Medicine is only taught at the main university location on the Gaza City campus.

But the destruction Israel has inflicted on the university’s buildings is beyond imagination, Wishah said, leaving the university without many of its essential facilities.

Only three buildings are partially functional, of which only the first floors of each are intact, he said. One is for administrative work, and the second is under renovation to receive students.

“The third [building] is for medicine and engineering, containing four classrooms – two for each faculty,” he said. “The medical classrooms are supposed to hold 50 to 60 students at most, but on the first day, around 250 students attended.”

The rest of the buildings have been completely destroyed.

“Even though the teaching staff is excellent,” Wishah said, “they cannot make up for the loss: There is no library to study in, no common areas or cafeterias to foster relationships among peers.”

Wishah also pointed out that there are “no laboratories for practical courses,” an issue that forced the Islamic University to postpone core subjects for first-year students – like histology and biology, which require observing embryos and live tissues – to later years because they cannot currently be implemented.

Many students have already left because there was no space, Wishah said, and students who end up sitting at the back cannot hear the professor clearly or see what the projector displays.

A second obstacle is the cost of transportation. Not only do students have to pay taxi drivers in cash, but they also have to find change.

Much of the cash in Gaza has been in circulation since October 2023, making it often worn-out and hard to obtain.

“Transportation is extremely difficult,” he said, “but I need in-person classes because I can’t grasp the online lectures.”

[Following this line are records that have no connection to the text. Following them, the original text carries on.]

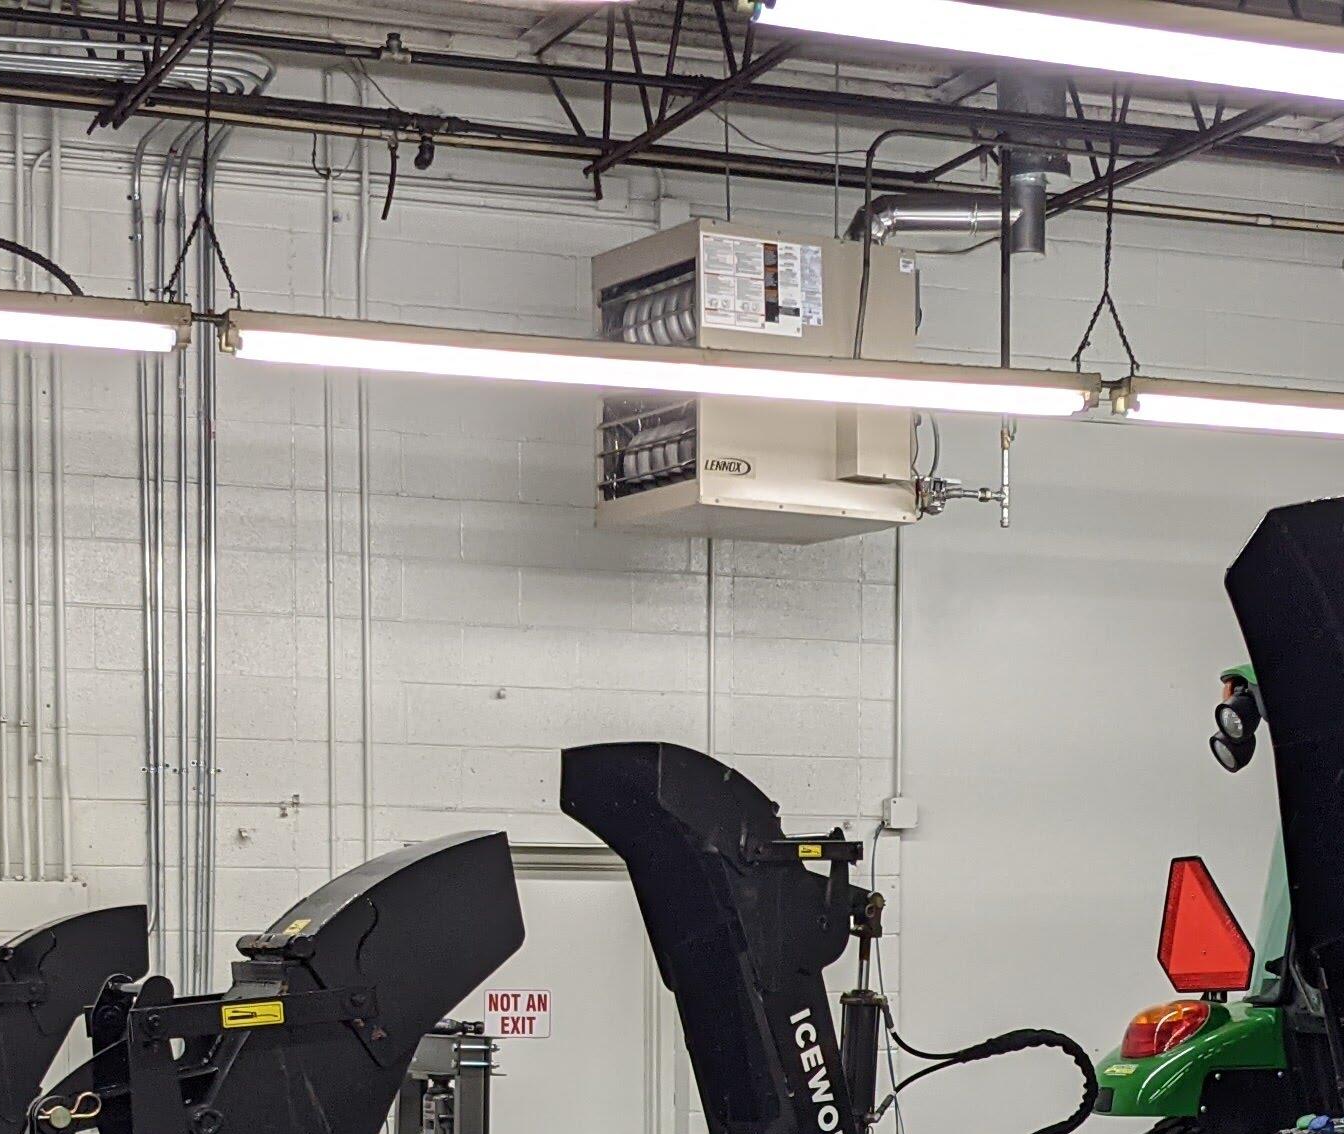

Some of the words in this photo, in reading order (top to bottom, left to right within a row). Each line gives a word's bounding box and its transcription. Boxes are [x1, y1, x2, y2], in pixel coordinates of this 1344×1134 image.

[704, 459, 742, 473] LENNOX
[488, 993, 521, 1012] NOT
[526, 993, 548, 1012] AN
[501, 1016, 536, 1035] EXIT
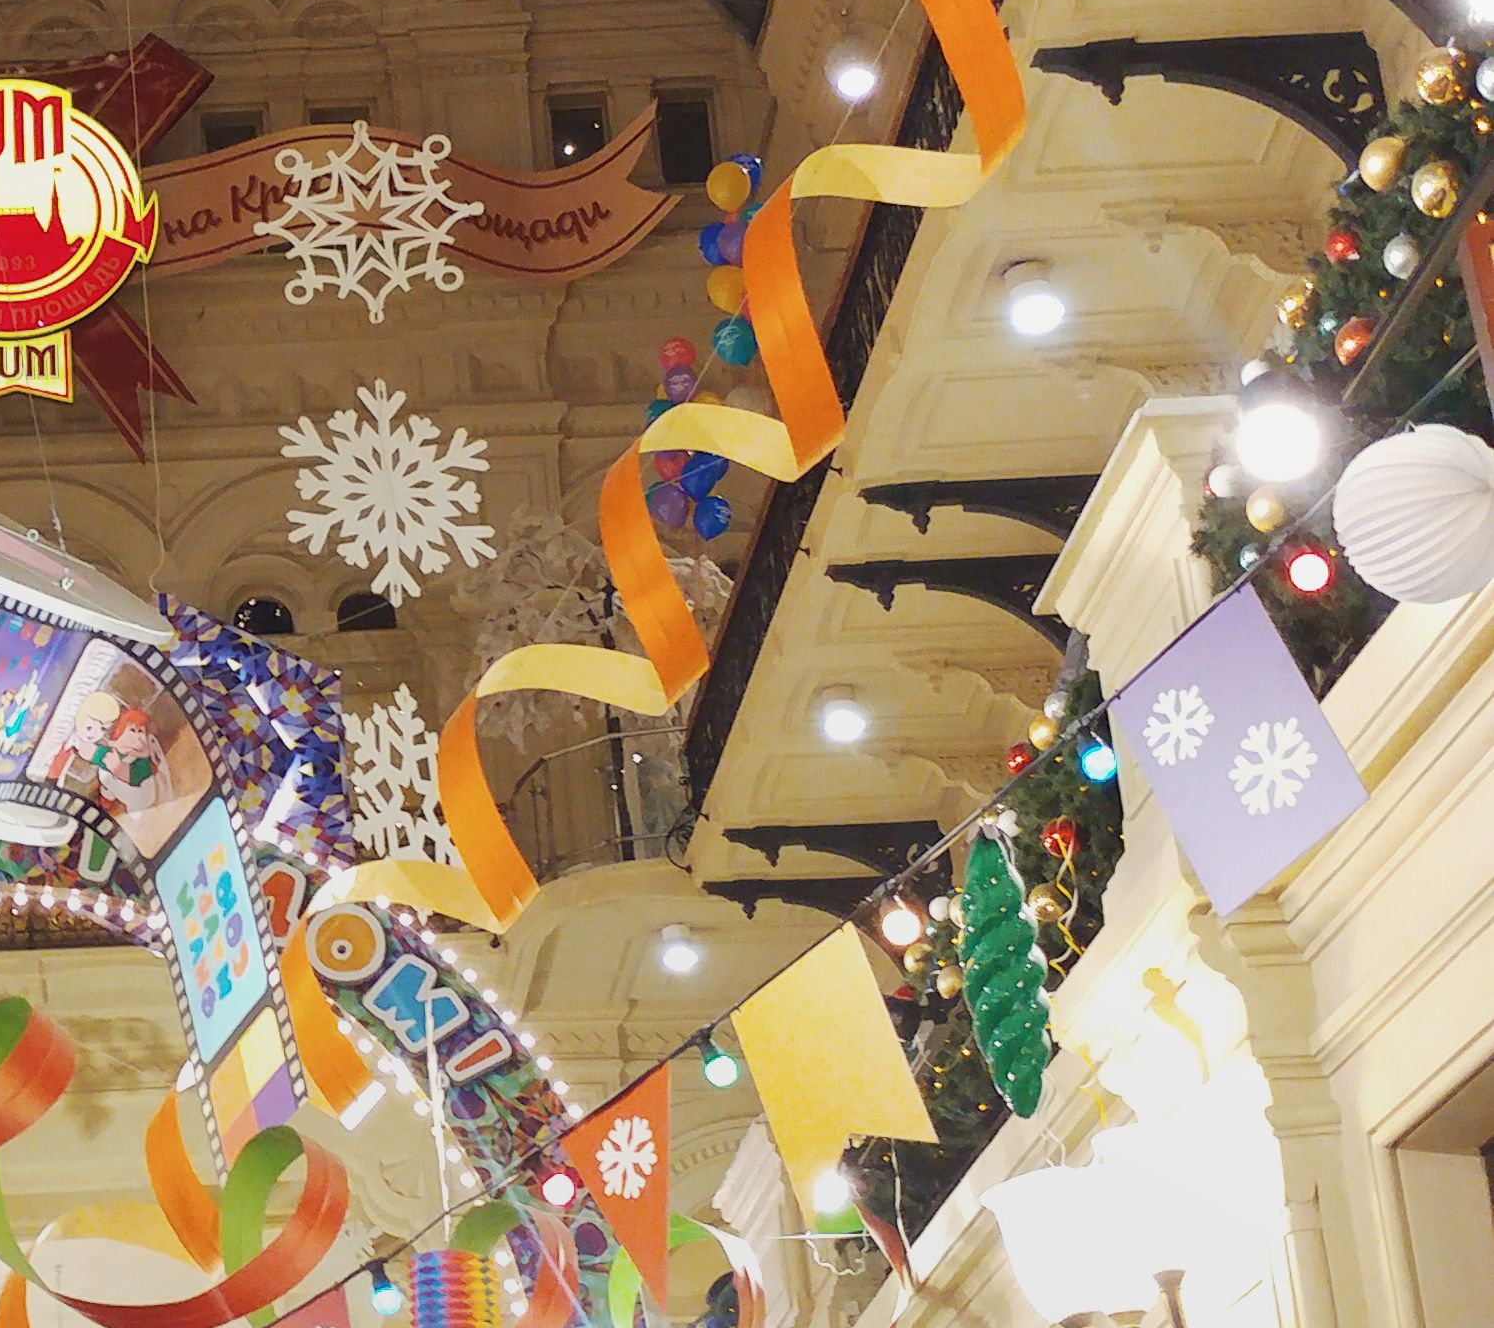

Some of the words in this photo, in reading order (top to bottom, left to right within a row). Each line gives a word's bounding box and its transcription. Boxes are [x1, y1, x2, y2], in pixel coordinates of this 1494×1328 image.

[163, 211, 222, 246] на
[464, 200, 611, 252] ощади
[9, 257, 122, 326] ПЛОЩАДЬ
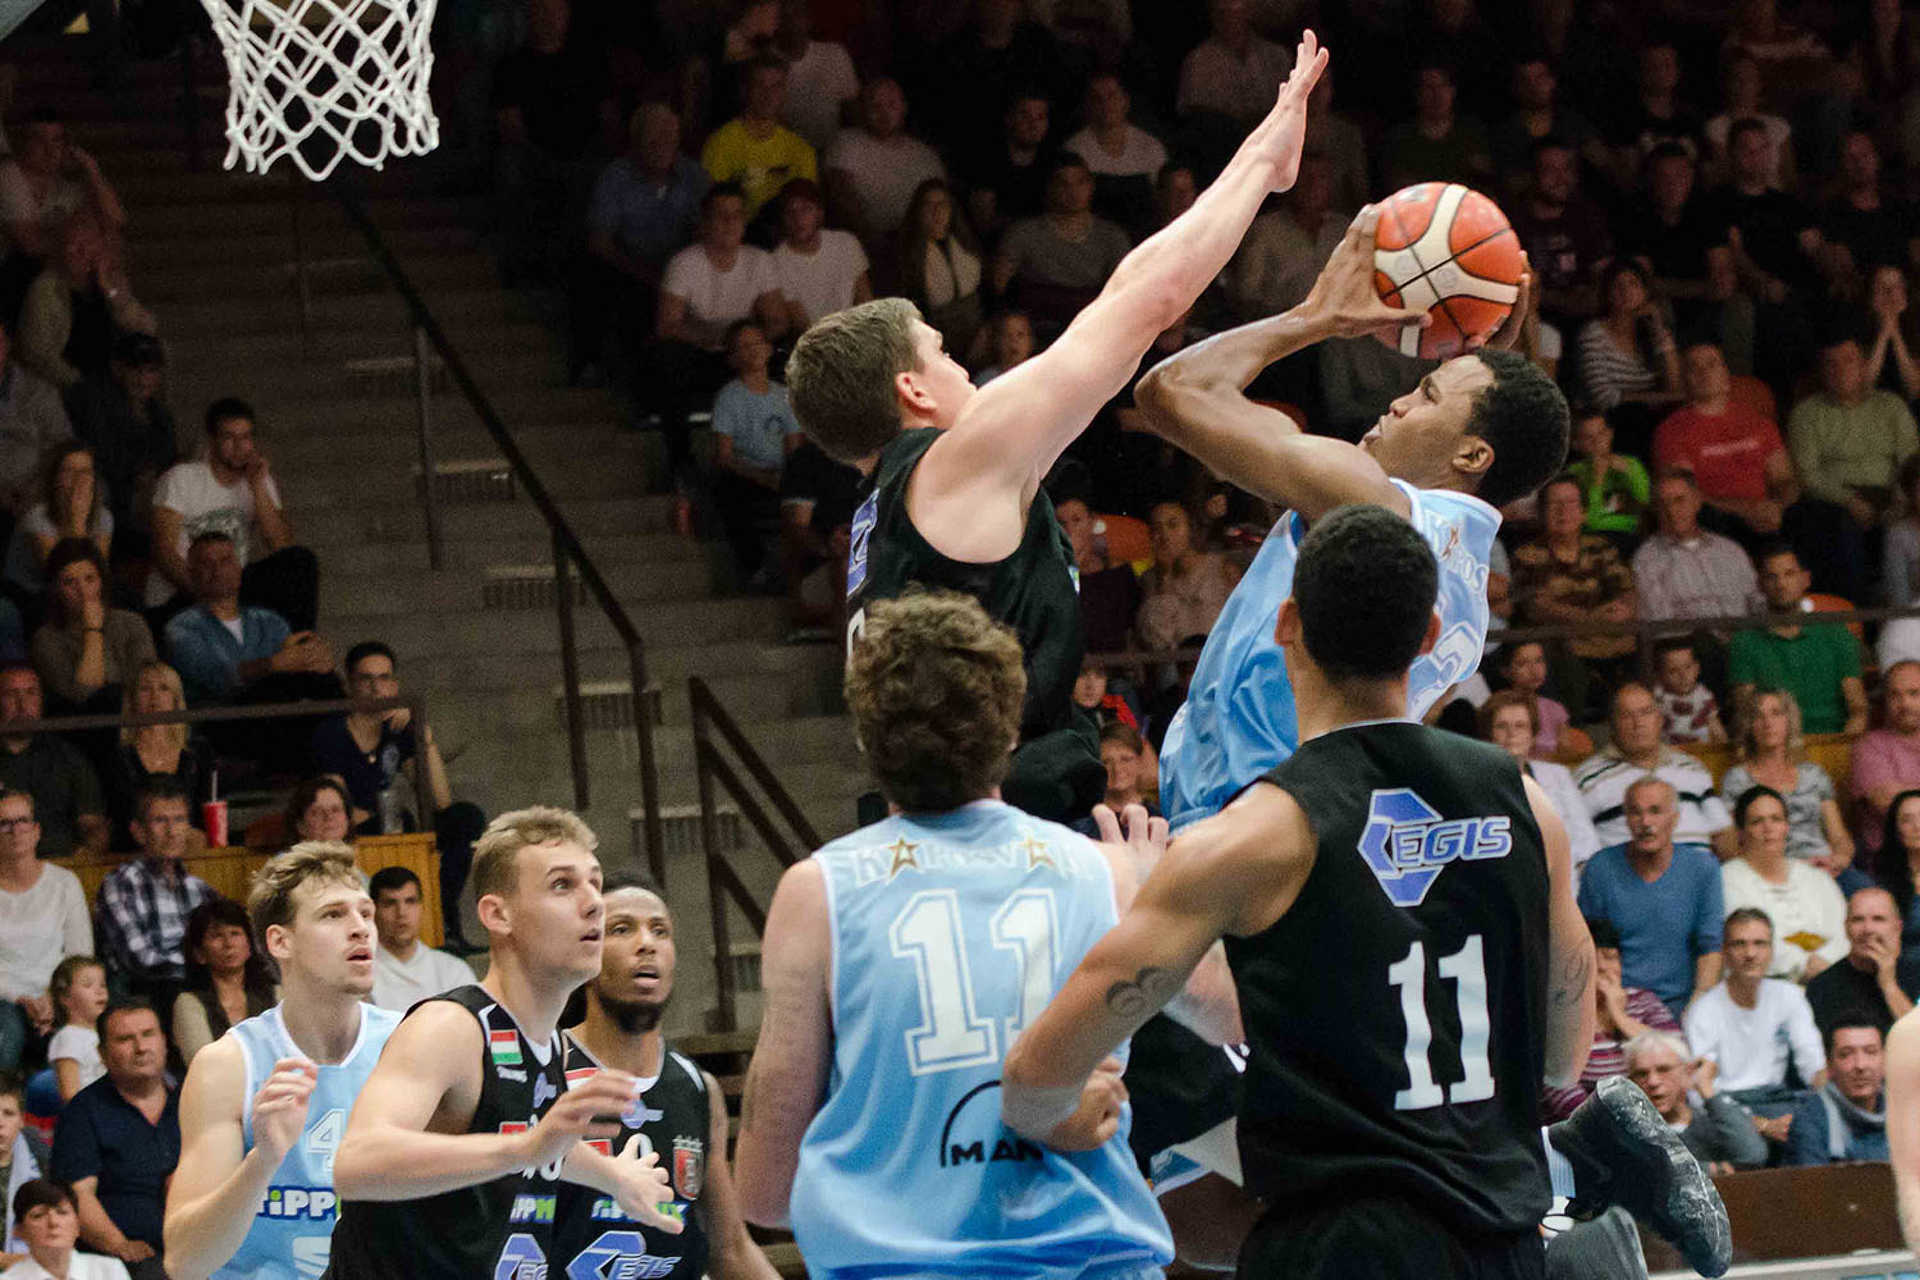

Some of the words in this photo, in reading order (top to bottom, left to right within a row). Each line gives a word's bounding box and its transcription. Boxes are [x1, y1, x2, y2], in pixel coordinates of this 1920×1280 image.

[889, 887, 1062, 1077] 11
[1388, 934, 1496, 1111] 11
[951, 1139, 1044, 1167] MAN

Another obstacle is affording university tuition. Even before the genocide, many families struggled to pay university tuition.

Today, after two years of blockade, displacement and losing almost everything, the idea that students could fund their own education seems impossible.

Many of the recently graduated high school students are unable to afford to continue their postgraduate studies.

The Islamic University provides a one-semester tuition waiver for all faculties except medicine, while Al-Azhar University offers no waivers at all.

The costs of books, notebooks and transportation have skyrocketed, and no solutions or initiatives have been introduced to address this crisis.

Even those students who managed to attend this semester are unsure whether they can continue next semester.

In recent weeks, attendance at the Nuseirat location has dropped to just 10 or 15 students – a sharp decrease from the 250-300 who attended the first lecture.

An obligation

Global attention often focuses on food aid and temporary ceasefires, which are, of course, necessary. But they are not enough or as important as education to rebuild Gaza, which must be seen as part of the humanitarian response, not an optional choice postponed to “post-crisis” times.

Education for Palestinians – and the preparation of a generation capable of rebuilding Gaza after the genocide – is an obligation for Palestinian institutions and international institutions.

Education is a necessity for survival and for building a possible future despite all the challenges and destruction the Israeli occupation has visited upon the Gaza Strip.

Hassan Abo Qamar is a writer based in Gaza.